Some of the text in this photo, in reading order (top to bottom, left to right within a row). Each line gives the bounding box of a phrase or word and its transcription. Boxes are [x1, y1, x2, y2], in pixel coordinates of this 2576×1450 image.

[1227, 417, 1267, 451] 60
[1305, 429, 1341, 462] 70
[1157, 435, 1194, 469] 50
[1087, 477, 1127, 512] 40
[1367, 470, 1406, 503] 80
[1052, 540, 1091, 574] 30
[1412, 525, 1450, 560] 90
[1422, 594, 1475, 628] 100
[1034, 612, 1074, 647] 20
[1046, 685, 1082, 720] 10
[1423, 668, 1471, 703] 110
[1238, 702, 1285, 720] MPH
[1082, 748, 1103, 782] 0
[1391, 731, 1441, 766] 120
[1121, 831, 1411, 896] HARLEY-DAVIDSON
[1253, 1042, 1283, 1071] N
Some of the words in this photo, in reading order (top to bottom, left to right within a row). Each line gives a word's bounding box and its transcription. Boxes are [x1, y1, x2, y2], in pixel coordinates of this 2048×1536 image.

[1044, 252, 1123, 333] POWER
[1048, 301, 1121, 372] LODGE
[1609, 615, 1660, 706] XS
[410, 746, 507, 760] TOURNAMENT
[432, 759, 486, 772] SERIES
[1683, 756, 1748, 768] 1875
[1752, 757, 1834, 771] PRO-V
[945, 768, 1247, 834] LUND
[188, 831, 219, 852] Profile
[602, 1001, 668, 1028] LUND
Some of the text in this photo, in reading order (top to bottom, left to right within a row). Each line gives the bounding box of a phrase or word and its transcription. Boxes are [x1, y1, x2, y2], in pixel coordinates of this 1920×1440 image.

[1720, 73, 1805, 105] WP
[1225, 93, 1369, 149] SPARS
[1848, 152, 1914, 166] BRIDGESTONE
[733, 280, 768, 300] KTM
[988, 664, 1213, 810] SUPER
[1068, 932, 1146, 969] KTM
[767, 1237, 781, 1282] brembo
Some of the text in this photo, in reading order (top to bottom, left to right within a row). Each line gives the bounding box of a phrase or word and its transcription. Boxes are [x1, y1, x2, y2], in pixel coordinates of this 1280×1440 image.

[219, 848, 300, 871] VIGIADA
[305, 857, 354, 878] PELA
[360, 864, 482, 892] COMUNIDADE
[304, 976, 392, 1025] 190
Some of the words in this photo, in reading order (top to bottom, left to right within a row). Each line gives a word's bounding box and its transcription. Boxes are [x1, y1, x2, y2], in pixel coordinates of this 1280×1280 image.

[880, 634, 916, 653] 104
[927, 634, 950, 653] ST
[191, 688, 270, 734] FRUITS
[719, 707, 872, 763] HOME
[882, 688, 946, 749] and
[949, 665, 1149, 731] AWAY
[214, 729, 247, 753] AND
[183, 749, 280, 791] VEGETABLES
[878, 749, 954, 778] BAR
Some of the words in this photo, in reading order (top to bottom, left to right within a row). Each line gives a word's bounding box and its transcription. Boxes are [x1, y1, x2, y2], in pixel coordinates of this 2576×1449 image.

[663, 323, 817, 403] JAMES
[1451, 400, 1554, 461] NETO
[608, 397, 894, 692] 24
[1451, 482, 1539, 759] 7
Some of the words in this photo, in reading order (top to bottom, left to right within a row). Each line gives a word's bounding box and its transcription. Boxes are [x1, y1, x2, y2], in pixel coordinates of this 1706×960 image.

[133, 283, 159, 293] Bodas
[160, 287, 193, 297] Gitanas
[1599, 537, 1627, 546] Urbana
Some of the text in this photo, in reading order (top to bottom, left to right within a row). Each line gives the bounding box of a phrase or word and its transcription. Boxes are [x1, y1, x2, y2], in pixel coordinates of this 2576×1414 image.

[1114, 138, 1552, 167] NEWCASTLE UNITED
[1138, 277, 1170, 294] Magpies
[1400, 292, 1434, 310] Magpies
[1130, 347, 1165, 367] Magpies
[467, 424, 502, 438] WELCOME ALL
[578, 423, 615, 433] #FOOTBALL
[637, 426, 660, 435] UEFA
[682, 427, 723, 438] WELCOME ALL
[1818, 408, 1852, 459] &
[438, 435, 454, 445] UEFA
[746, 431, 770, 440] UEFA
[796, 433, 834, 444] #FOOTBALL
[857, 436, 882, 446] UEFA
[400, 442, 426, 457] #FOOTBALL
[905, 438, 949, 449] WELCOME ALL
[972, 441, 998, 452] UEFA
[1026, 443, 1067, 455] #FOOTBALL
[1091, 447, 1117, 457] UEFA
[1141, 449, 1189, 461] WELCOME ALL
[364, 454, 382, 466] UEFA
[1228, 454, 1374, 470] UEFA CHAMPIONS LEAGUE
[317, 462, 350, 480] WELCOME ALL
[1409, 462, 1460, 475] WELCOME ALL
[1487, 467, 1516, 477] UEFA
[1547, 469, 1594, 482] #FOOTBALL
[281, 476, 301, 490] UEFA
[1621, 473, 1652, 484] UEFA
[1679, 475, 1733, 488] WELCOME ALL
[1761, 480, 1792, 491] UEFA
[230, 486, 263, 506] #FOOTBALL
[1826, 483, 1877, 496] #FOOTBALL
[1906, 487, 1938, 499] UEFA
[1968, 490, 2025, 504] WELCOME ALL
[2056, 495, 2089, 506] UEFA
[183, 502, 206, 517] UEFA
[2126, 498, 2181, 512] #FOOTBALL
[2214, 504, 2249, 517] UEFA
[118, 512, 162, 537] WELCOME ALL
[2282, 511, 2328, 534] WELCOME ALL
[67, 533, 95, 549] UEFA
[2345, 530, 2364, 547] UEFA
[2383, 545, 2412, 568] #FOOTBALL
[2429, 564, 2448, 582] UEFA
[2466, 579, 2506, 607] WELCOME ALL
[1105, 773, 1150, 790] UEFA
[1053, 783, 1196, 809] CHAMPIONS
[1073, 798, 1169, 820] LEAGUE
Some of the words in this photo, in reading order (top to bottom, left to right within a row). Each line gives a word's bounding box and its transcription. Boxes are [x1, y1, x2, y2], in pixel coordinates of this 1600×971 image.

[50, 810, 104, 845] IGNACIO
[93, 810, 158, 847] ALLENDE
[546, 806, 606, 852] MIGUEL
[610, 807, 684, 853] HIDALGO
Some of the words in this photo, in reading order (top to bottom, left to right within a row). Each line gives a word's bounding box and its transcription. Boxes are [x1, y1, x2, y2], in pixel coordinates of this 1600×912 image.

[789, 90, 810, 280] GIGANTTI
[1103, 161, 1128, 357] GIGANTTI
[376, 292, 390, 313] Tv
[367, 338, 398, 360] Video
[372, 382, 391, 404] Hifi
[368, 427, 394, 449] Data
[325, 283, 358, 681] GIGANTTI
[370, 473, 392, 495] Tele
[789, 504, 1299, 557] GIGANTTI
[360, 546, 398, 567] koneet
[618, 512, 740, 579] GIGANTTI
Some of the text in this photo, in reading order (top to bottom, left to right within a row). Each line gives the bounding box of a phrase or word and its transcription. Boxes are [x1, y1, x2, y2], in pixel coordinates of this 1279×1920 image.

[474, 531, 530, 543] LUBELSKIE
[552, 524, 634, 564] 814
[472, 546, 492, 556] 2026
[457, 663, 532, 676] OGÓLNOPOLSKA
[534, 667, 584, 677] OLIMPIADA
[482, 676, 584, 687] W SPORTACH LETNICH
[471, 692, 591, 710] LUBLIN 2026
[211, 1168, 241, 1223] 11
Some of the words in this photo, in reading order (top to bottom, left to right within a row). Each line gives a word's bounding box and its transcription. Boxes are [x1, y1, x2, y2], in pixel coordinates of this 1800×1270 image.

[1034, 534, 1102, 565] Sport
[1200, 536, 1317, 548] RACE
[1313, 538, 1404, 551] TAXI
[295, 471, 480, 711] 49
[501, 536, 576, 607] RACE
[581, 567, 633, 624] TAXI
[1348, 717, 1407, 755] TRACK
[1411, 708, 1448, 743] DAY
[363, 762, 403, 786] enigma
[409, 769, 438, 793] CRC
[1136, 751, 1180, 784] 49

+ + + + + + +

[YOUR GOAL]
Every line from the one containing "this 1279×1920 image." through the last line of the entries should be output exactly; nothing else belongs in the reply.

[TASK SOLUTION]
Some of the text in this photo, in reading order (top to bottom, left to right within a row). Each line gives the bounding box of a phrase or word and its transcription. Boxes are [x1, y1, x2, y2], in pixel coordinates of this 1279×1920 image.

[474, 531, 530, 543] LUBELSKIE
[552, 524, 634, 564] 814
[472, 546, 492, 556] 2026
[457, 663, 532, 676] OGÓLNOPOLSKA
[534, 667, 584, 677] OLIMPIADA
[482, 676, 584, 687] W SPORTACH LETNICH
[471, 692, 591, 710] LUBLIN 2026
[211, 1168, 241, 1223] 11
Some of the words in this photo, in reading order (top to bottom, left to right within a row). Each line gives a word's bounding box and its transcription. Boxes are [x1, y1, x2, y2], in pixel coordinates of this 1800×1270 image.

[1034, 534, 1102, 565] Sport
[1200, 536, 1317, 548] RACE
[1313, 538, 1404, 551] TAXI
[295, 471, 480, 711] 49
[501, 536, 576, 607] RACE
[581, 567, 633, 624] TAXI
[1348, 717, 1407, 755] TRACK
[1411, 708, 1448, 743] DAY
[363, 762, 403, 786] enigma
[409, 769, 438, 793] CRC
[1136, 751, 1180, 784] 49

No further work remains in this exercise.